The primary end-point was number of migraine days per month (30 days/month). At least 25% reduction of migraine days from baseline to end of intervention, with the same level maintained at 3, 6 and 12 months follow-up was expected in the CSMT group.

Secondary end-points were migraine duration, migraine intensity and headache index (HI), and medicine consumption. At least 25% reduction in duration, intensity and HI, and at least 50% reduction in medicine consumption were expected from baseline to end of intervention, with the same level maintained at 3, 6 and 12 months follow-up in the CSMT group.

No change was expected for primary and secondary end-point in the placebo and the control group.

A migraine day was defined as a day on which migraine with aura, migraine without aura or probable migraine occurred. Migraine attacks lasting for >24 h were calculated as one attack unless pain-free intervals of ≥48 h had occurred. [21] If a patient fell asleep during a migraine attack and woke up without a migraine, in accordance with the ICHD-III β, the duration of the attack was recorded as persisting until the time of awakening. [22] The minimum duration of a migraine attack was 4 h unless a triptan or drug containing ergotamine was used, in which case we specified no minimum duration. HI was calculated as mean migraine days per month (30 days) Χ mean migraine duration (h/day) Χ mean intensity (0–10 numeric rating scale).

The primary and secondary end-points were chosen based on the Task Force of the IHS Clinical Trial Subcommittee's clinical trial guidelines. [1, 15] Based on previous reviews on migraine, a 25% reduction was considered to be a conservative estimate. [12, 13]

The outcome analyses were calculated during the 30 days after the last intervention session and 30 days after the follow-up time points, i.e. 3, 6 and 12 months, respectively.

All adverse events (AEs) were recorded after each intervention in accordance with the recommendations of CONSORT and the IHS Task Force on AEs in migraine trials. [16, 23]

      Statistical analysis

We based the power calculation on a recent study of topiramate in migraineurs. [24] We hypothesized the average difference in reduction of number of migraine days per month between the active and the placebo, and between the active and the control groups of 2.5 days, with SD of 2.5 for reduction in each group.
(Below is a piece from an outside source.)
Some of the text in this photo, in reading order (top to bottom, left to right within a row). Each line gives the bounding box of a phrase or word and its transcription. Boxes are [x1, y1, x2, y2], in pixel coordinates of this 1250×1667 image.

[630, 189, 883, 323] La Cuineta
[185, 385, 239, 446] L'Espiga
As primary analysis includes two group comparisons, the significance level was set at 0.025. For the power of 80%, a sample size of 20 patients was required in each group to detect a significant difference in reduction of 2.5 days.

Patient characteristics at baseline were presented as means and SD or frequencies and percentages in each group and compared by independent samples t-test and χ2 test.

Time profiles of all end-points were compared between the groups. Due to repeated measurements for each patient, linear mixed models accounting for the intra-individual variations were estimated for all end-points. Fixed effects for (non-linear) time, group allocation and interaction between the two were included. Random effects for patients and slopes were entered into the model. As the residuals were skewed, the bootstrap inference based on 1000 cluster samples was used. Pairwise comparisons were performed by deriving individual time point contrasts within each group at each time point with the corresponding P-values and 95% confidence intervals. Medicine consumption within groups was reported by mean doses with SD, and groups were compared by an independent samples median test. A dose was defined as a single administration of a triptan or ergotamine; paracetamol 1000 mg ± codeine; non-steroidal anti-inflammatory drugs (tolfenamic acid, 200 mg; diclofenac, 50 mg; aspirin, 1000 mg; ibuprofen, 600 mg; naproxen, 500 mg); and morphinomimetics (tramadol, 50 mg). None of the patients changed study arm and none of the drop-outs filled in headache diaries after withdrawal from the study. Hence, only per protocol analysis was relevant.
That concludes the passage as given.